Food allergies and autoimmune diseases aren't laughing matters. Celiac disease in particular affects one out of 133 people in the United States. People living with celiac aren't able to eat foods like pizza, pasta, bread, pastries or french fries without experiencing debilitating side effects that include vomiting, severe weight loss and diarrhea. Those suffering from celiac disease must limit themselves to a gluten-free diet.
For young people in elementary and middle school, the demands of such a diet could strike many of their young peers as odd. Being "different" from one's classmates in something as elemental as eating meals at school can be profoundly alienating, especially for kids who need the approval of their peers.
Recently, the Disney Channel pulled an episode of "Jessie" because an Ohio Township family complained about its use of celiac as a sight gag in the sitcom. Amy Raslevich and her husband, Jeff Kelly, were outraged because their children, Laura, 11, and Sam, 8, were offended by a scene that portrayed celiac in a way that didn't acknowledge the seriousness of the disease.
Because Laura and Sam were diagnosed with the disease 18 months ago, they were upset by a scene in the show in which a character has pancakes thrown at him by other kids after they learn he has to eat gluten-free food. Pancakes are not gluten-free.

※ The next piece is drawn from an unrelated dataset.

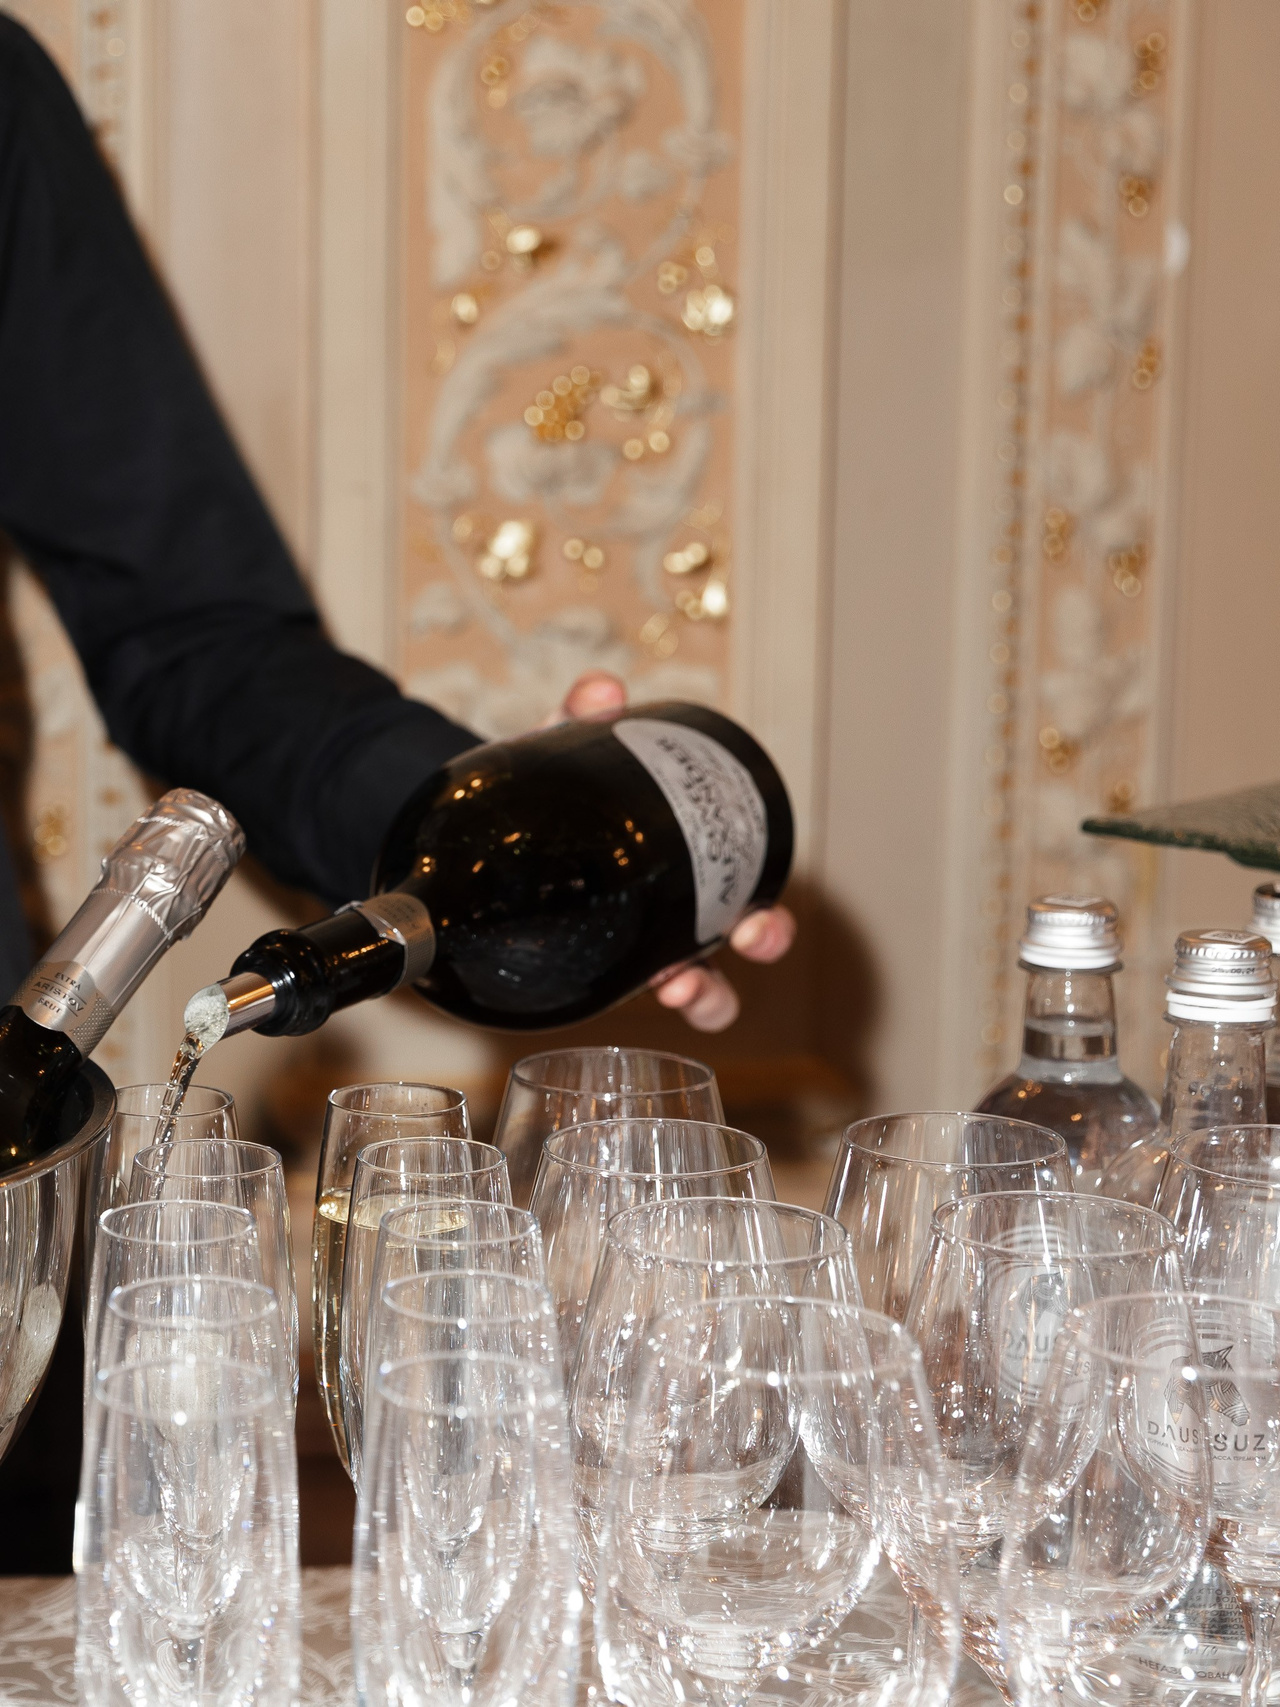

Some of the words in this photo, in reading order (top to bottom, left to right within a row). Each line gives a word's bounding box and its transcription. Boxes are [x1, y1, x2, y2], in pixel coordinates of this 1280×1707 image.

[54, 972, 82, 991] EXTRA
[33, 981, 84, 1012] ARISTOV
[37, 998, 63, 1014] BRUT

The Ohio Township family started an online petition designed to pressure the Disney Channel to pull the episode because it allegedly uses gluten-intolerance as an excuse to bully children with the disease. A few thousand signatures later, Disney took the episode off the schedule and apologized to viewers. The family successfully exercised its right to protest content it found offensive, but it was not the kind of victory that will do children suffering from celiac any good in the long run.

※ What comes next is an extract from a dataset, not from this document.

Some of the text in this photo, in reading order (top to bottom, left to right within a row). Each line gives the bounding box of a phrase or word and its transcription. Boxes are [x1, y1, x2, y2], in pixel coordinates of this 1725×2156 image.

Without taking away from the seriousness of the disease, it should be possible to portray it on a kids' show as a source of conflict, just like it is in real life. After all, conflict is a natural part of every child's environment, so why pretend celiac is so sacrosanct that it has to disappear from view like it was something shameful? Why not show how unenlightened some kids can be? Instead of pulling the episode, Disney could've expanded the scene to educate audiences about the disease.
After all, kids' shows deal with uncomfortable subjects like bullying all the time without making bullies disappear. Most kids with celiac are more resilient than either Disney or the well-meaning family in Ohio Township give them credit for.